Human grooming rediscovered - Video
A complete overview of grooming techniques.

Superficial grooming techniques are the only really natural way to exfoliate your skin.
Instead of using inert objects and compounds, you use your super-sensitive living nails and fingertips.


You want exfoliation? Try using your nails

While grooming, you can continuously monitor the skin tension and apply pressure only where it has thickened or folded.
Use superficial grooming techniques in areas where your skin is thin and switch to pressure grooming strokes where it is thicker.

Removing dead epidermis cells with your nails
When grooming under certain lighting conditions, you can actually see the skin cells fall off.

You remove so many dead cells, when you pass your nails on your skin, that the space beneath the tip of the nails fills up quickly.
At some point, their presence hinders your grooming work.
Keep your fingers and nails clean.

Only your nails will do

Only your nails have the sensibility and the delicacy to feel where your skin is thin and fragile and where it really needs exfoliation.
Abrasives, masks and chemicals can't make the distinction between folded and unfolded, thick and thin skin.
In some places, exfoliating it may be unnecessary.
Areas where your skin is healthy may easily be hurt by your harsh methods and powerful products.
Scraping the skin, elsewhere than where it has thickened, can bring blood rushing to the surface and damage the skin.

Abrasives
Using abrasives may hurt your skin.
Only your nails can do the job properly.

Why is exfoliation needed?

Your skin's epidermis produces fresh skin cells every day.
They are pushed up by the arrival of newer cells, and they slowly dry up on their 30 day journey to the top of the skin.
When they reach it, they are dead and supposed to flake off by themselves in a process called desquamation.

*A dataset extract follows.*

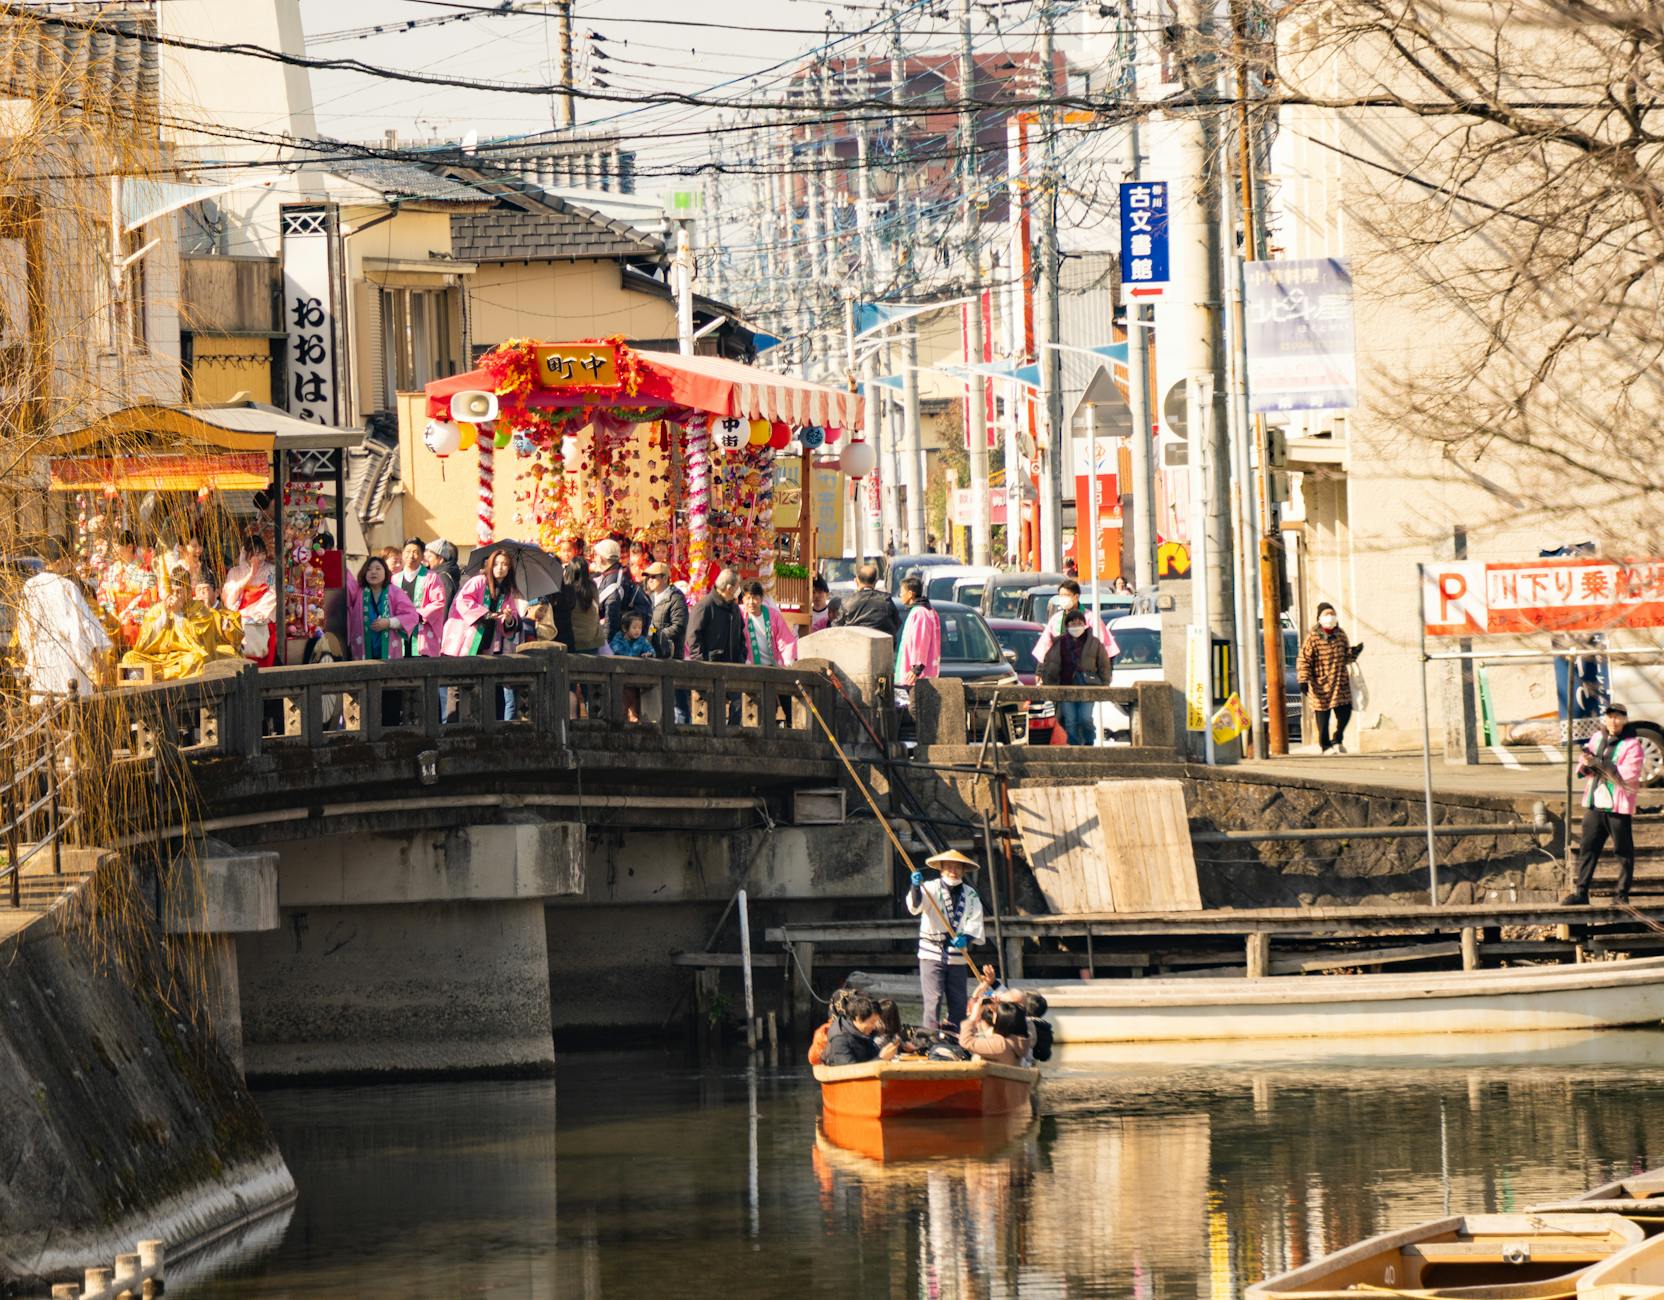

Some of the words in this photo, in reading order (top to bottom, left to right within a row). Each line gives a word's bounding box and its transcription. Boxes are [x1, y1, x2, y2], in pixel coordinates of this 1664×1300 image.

Dead epidermis cells exfoliating
Desquamation is a natural monthly epidermis renewal system.
It's amazing, but it doesn't work perfectly.

Unfortunately, the procedure often doesn't reach its completion in some areas of the body; so dead cells cling on and pile up, thickening your skin.
Dead cells look dull, lackluster and unresponsive.
They make you ugly.

The origins of skin exfoliation

Encyclopedias tell us that the Egyptians invented this practice, three to four thousand years ago.
Since then, three methods have mainly been used to exfoliate the skin:

Mechanical exfoliation
• Rasps
• Stones
• Brushes
• Gloves
• Abrasive soaps
• Micro-dermabrasion
• Dermabrasion
• Lasers
Masks
• Clay
• Chemical masks
• Oatmeal
• Yogurt
• Lemon
• Cucumbers
Chemical exfoliation
• Exfoliating cleansers
• Wine and grapes
• Chemical gels
• Creams and lotions
• Peelings

You can't see how thick your skin is

From above, your skin may look perfectly uniform and flat.
However, its actual thickness varies tremendously.

What you see Actual skin thickness
Skin: what you see is not the reality
Skin thickness chart
You can't see the thickness of your skin, but you can feel it with your fingertips and nails.

Whatever its thickness, skin looks the same.
However, the thicker it gets, the more exfoliation it needs.

The return of an ancestral behavior

If modern exfoliation techniques are 3 to 4 thousand years old, grooming can be traced back to the first humans, 7 million years ago, and to the first primates, about 50 million years back.
Yes, we've stopped grooming at some point in our past, but we're back at work now.
Needless to say, you will get much better results, and for free, by grooming your skin every day, than by using contraptions and magical potions invented by people who don't even understand that the skin is folded.